The more I learn, the less I know!


----------



## MediumRoastSteam (Jul 7, 2015)

This video illustrates a few things:






However, I don't understand the details of the why's and what's, so I am sure someone here can explain things.


----------



## emin-j (Dec 10, 2011)

When I bought my HX machine I took some temperature readings with a thermocouple probe, after a cooling flush (the boiling water stops dancing plus a bit more ) it then takes around 40 seconds for the water to reach brew temperature so I used to start my timer (30 seconds) in that time I connect the portafilter and place my cup(s) on scales, then at the 30 second point I pull up the brew lever it then takes approx 5-6 seconds for the coffee to start flowing from the portafilter, in that time the water temperature should be close to perfect. After owning a HX machine for a while it becomes a simple routine.


----------



## mremanxx (Dec 30, 2014)

Interesting, would have thought that the brew temp was a bit low, no?

Always feel brew temp is a hit or miss on my HX machine, especially when using light roasts as I find they are more temp sensitive.

Considered getting a thermometer for the brew head but looks ugly.
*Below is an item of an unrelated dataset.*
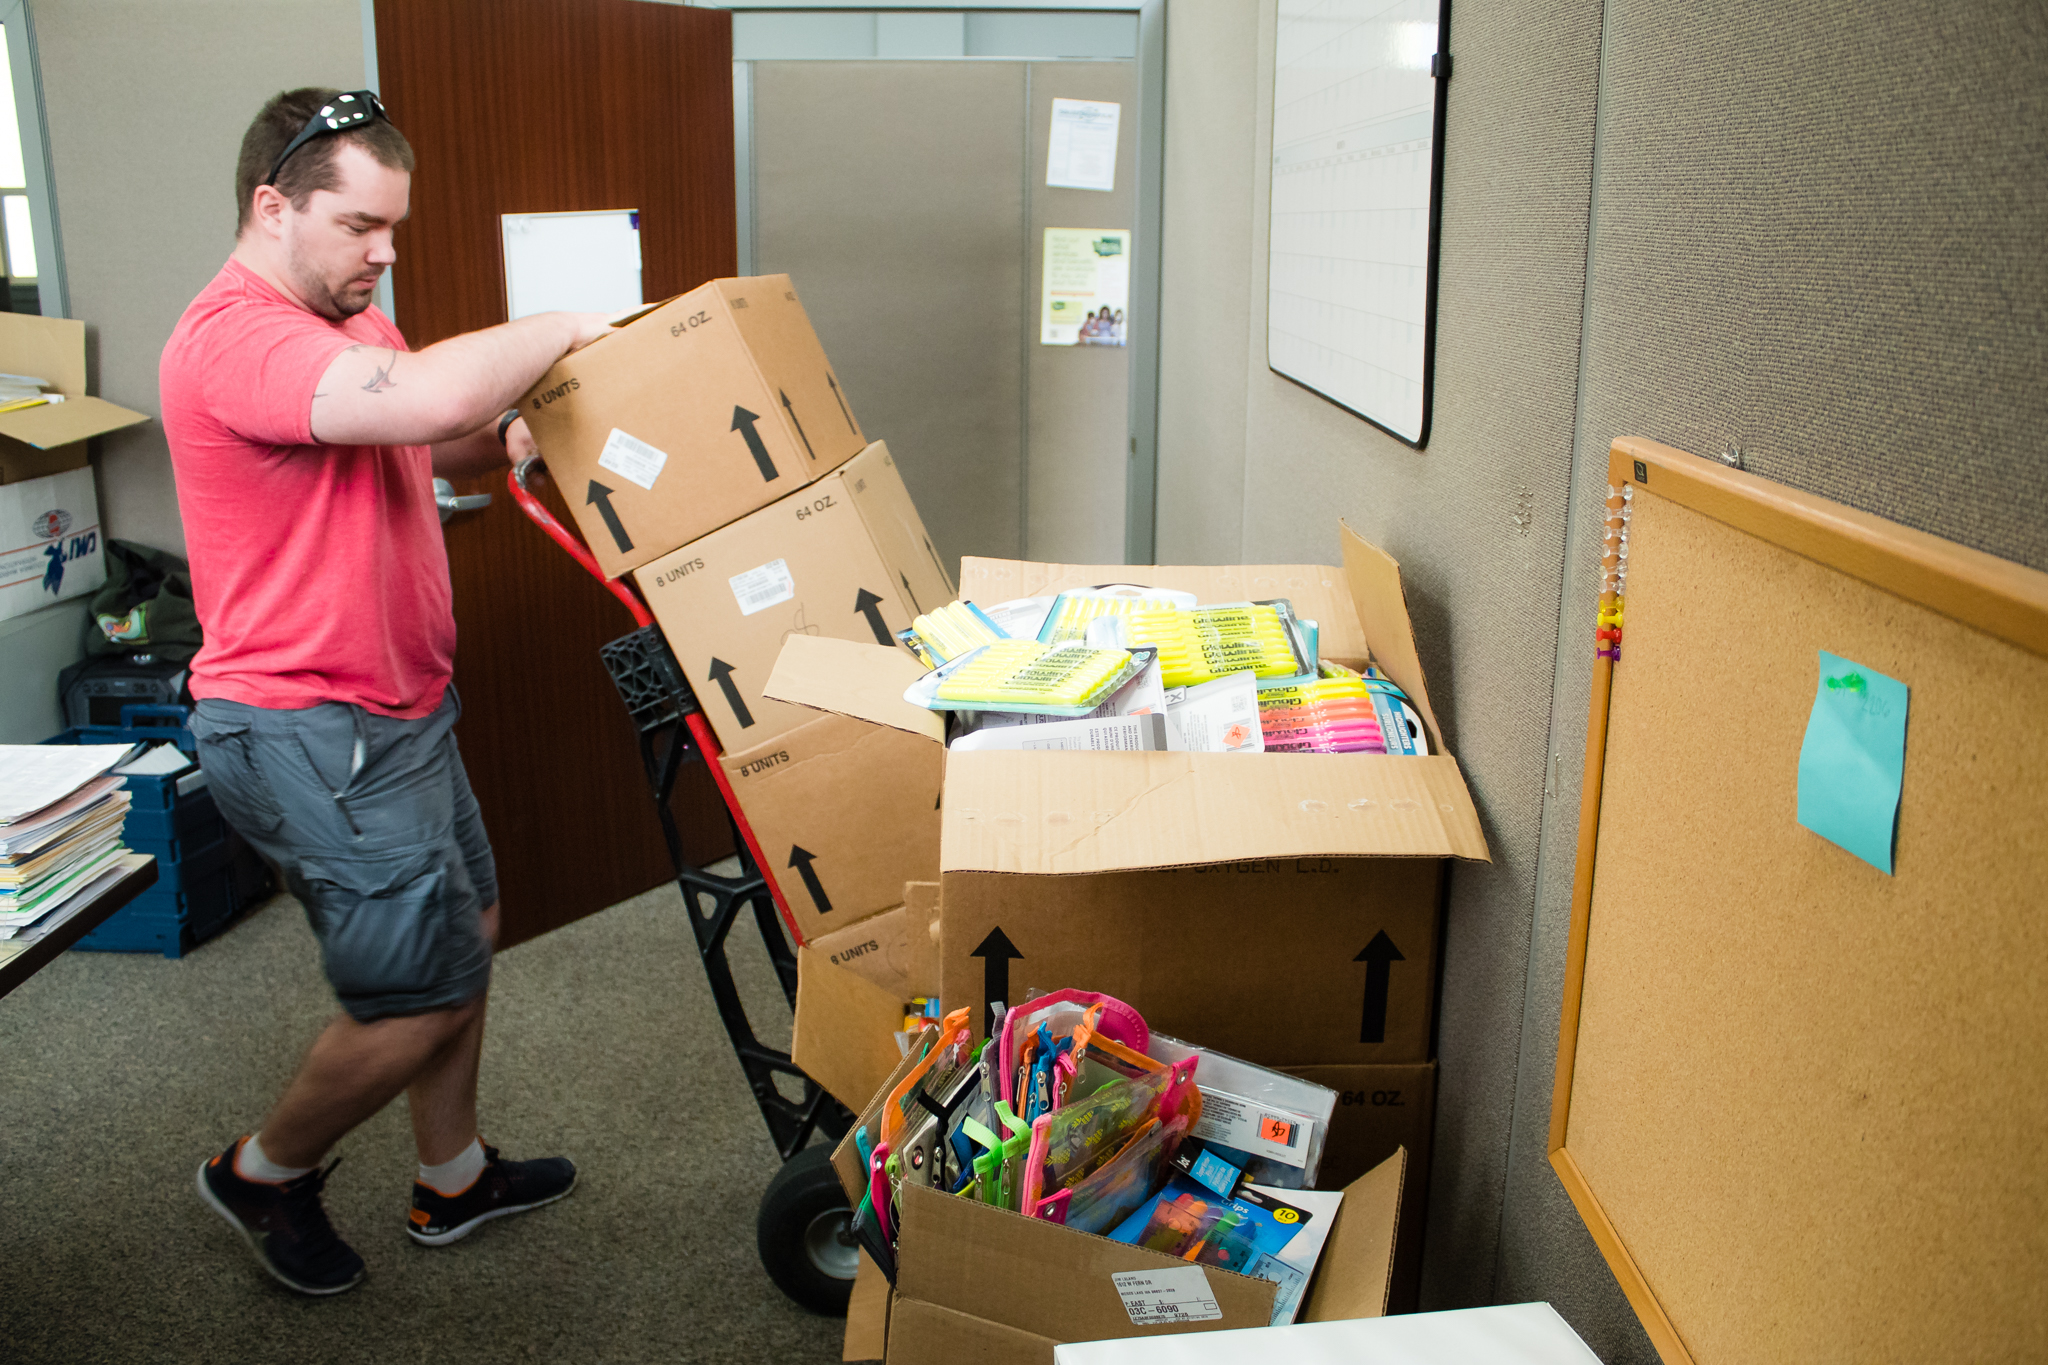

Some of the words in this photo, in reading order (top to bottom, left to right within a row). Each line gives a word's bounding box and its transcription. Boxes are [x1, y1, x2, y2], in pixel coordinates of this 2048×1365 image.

Does anyone know of PID kits for HX E61 machines or are the electrics too complicated normally to retro fit easily?


----------



## MediumRoastSteam (Jul 7, 2015)

mremanxx said:


> Interesting, would have thought that the brew temp was a bit low, no?
> 
> Always feel brew temp is a hit or miss on my HX machine, especially when using light roasts as I find they are more temp sensitive.
> 
> ...


PID on an HX machine has not the same effect as a PID on a dual boiler machine.

When an HX machine has a PID, it performs the same function as the Pressure Stat: It controls the temperature inside the boiler. The higher the temperature, the higher the pressure. The difference being that a PID will control the temperature, and the Pressure stat will control the pressure, but both will translate to the same thing.
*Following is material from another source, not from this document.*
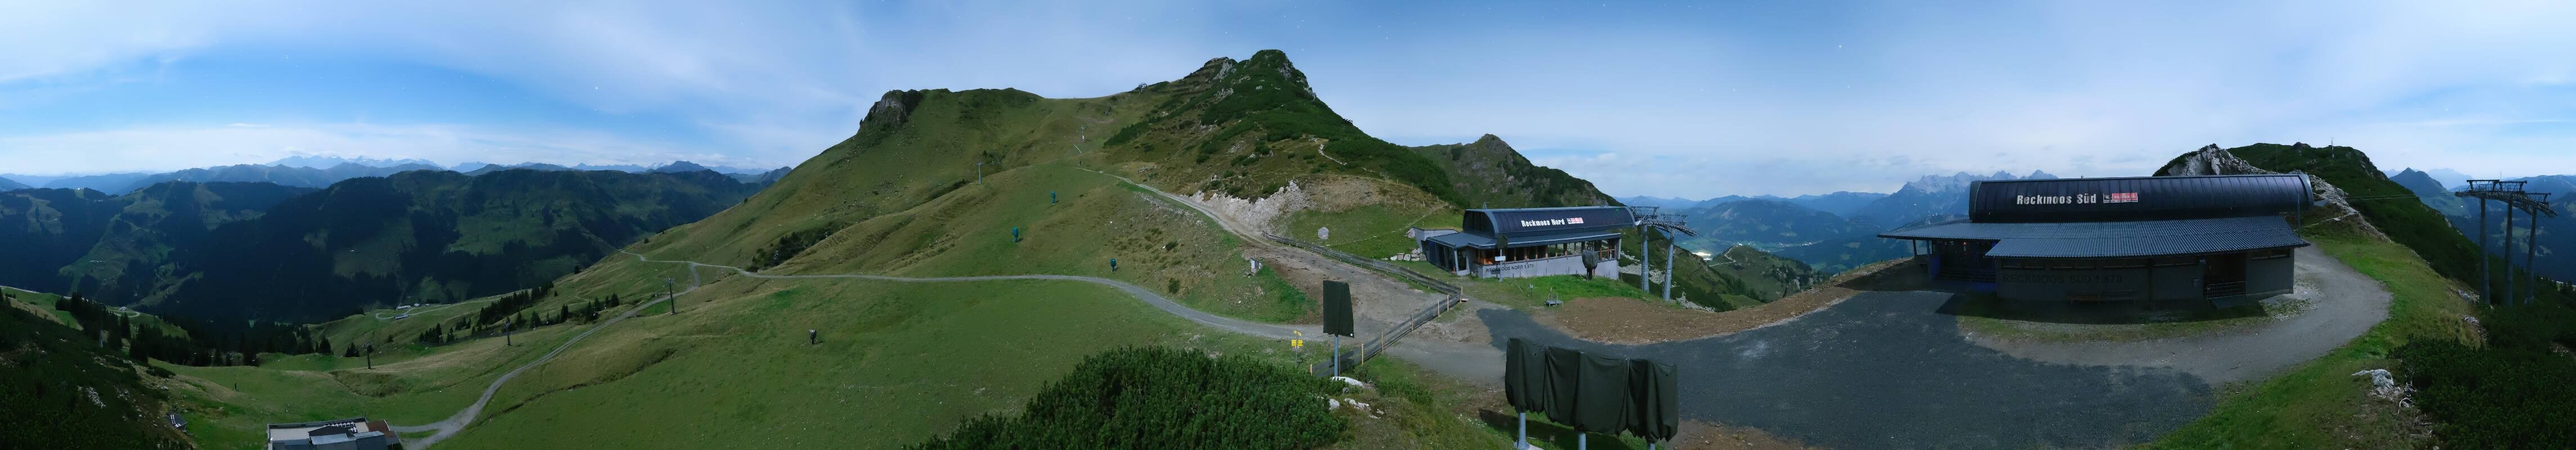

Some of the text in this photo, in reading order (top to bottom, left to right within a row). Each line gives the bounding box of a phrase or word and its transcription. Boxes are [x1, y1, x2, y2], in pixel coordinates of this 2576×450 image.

[2016, 194, 2096, 204] Reckmoos Süd
[2003, 274, 2064, 284] RECKMOOS
The temperature inside the boiler of a HX machine is set to be around 126 degrees or thereabouts, equating to 1.3bar pressure or thereabouts. Some machines are set to be less, like the Rockets usually set to around 1.0 bar pressure.

You have boiling water to produce steam inside the boiler. When you brew coffee, water is drawn from the tank (or mains) through a pipe that goes through the boiler - thus a Heat Exchanger design. That water gets heated in the process and the design aims to deliver water at brewing temp for expresso at the group.
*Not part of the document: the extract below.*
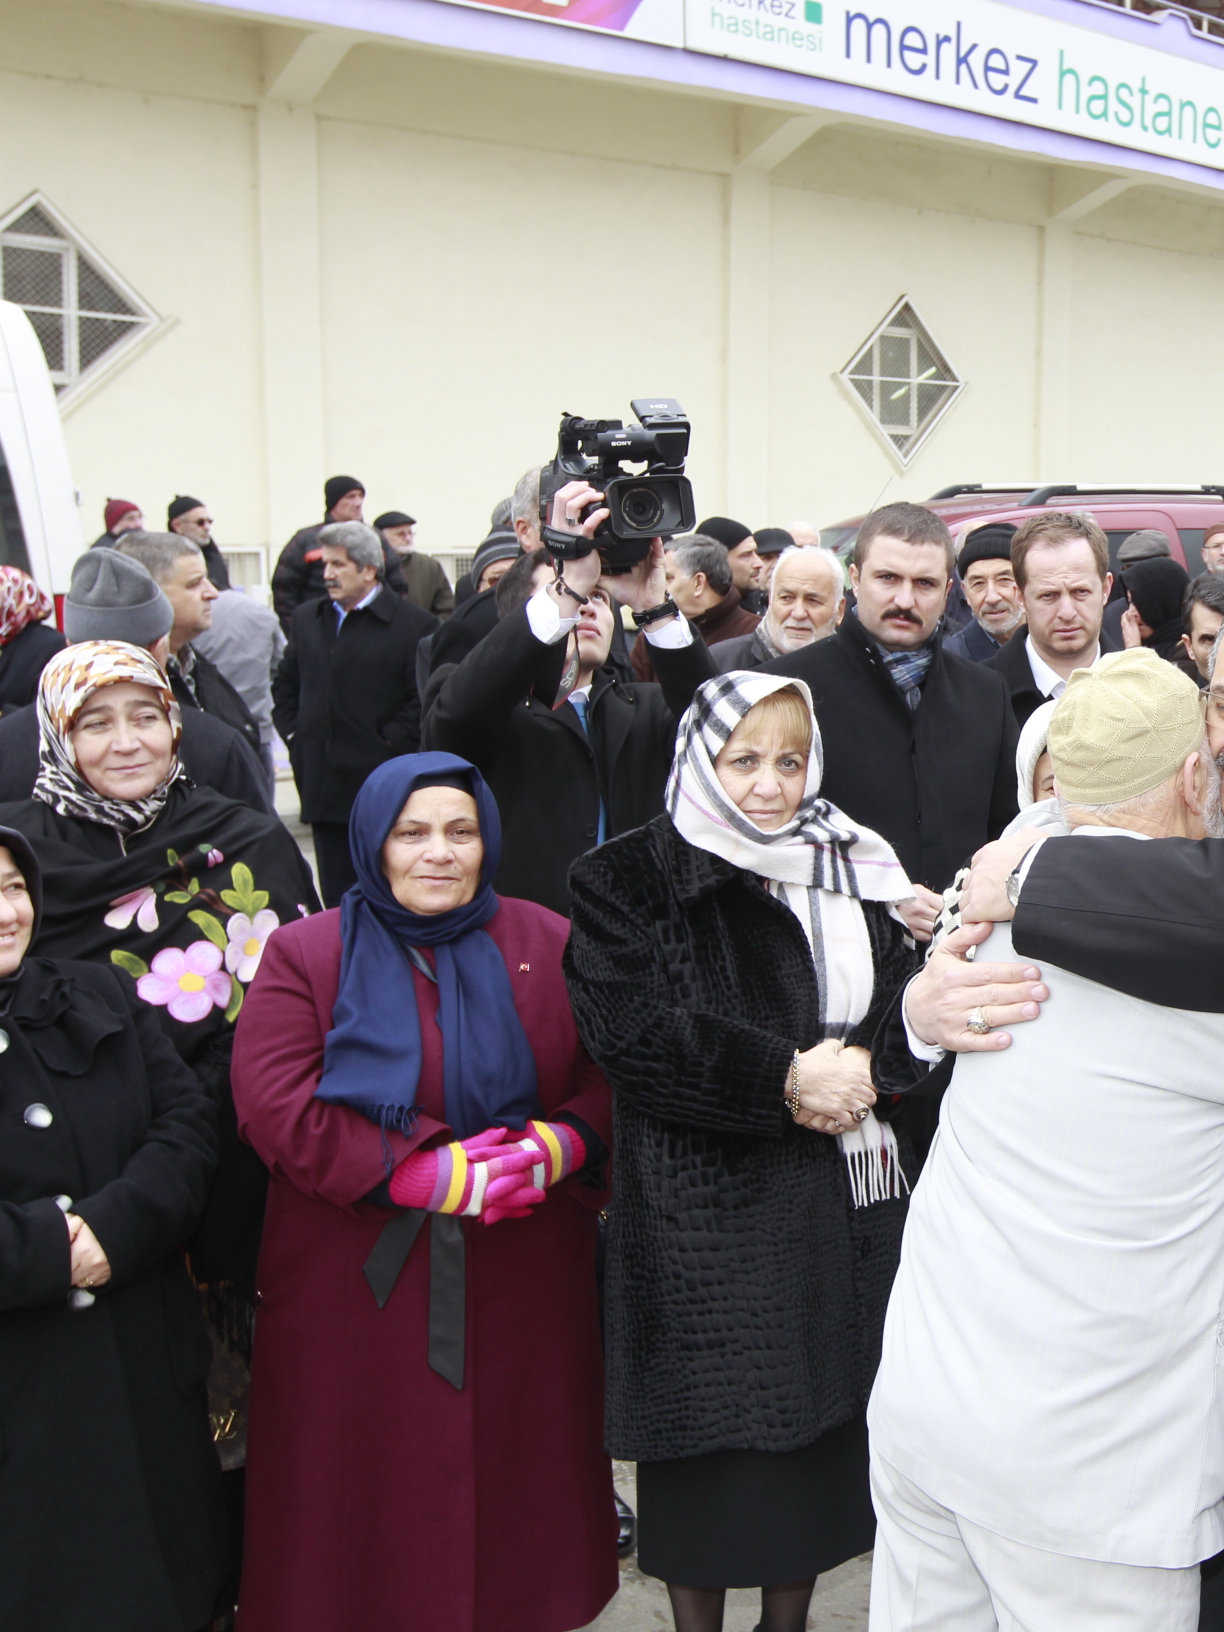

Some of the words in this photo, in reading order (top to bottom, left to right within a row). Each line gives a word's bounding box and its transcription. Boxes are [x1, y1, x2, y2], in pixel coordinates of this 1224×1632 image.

When you leave the machine idle, that water gets super heated, hence the cooling flush usually needed.

Just google "Heat Exchanger espresso machine". There are tons of explanations and diagrams.


----------



## mremanxx (Dec 30, 2014)

Cheers for the information roughly knew how it worked, just not as well as you explained it. So without a thermometer in the brew head brew temp is hit or miss affair then? If that is the case you would think more options like an Erics thermometer would be available no?


----------



## MediumRoastSteam (Jul 7, 2015)

mremanxx said:


> Cheers for the information roughly knew how it worked, just not as well as you explained it. So without a thermometer in the brew head brew temp is hit or miss affair then? If that is the case you would think more options like an Erics thermometer would be available no?


I suppose. You basically need to understand how your machine works, in terms of length of the cooling flush and recovery time. Once you work that out, then they are quite consistent.

I owned an HX very briefly and it's a bit of a learning curve. Eric's thermometer would certainly help, at least until you understand the behaviour of your machine. I suspect after that you just get used to the ritual and becomes routine like one of the earlier post suggest.

PS: Even on a dual boiler what you read in the PID is not the accurate temperature in the group. The value displayed in the PID display for the temperature in the brew boiler is the temperature measure in the brew boiler, and not at the group. Some machines allow you to set an offset. For example, mine is set to 15, meaning that, then the temperature in the boiler is 105C, the PID display would display 90C.


----------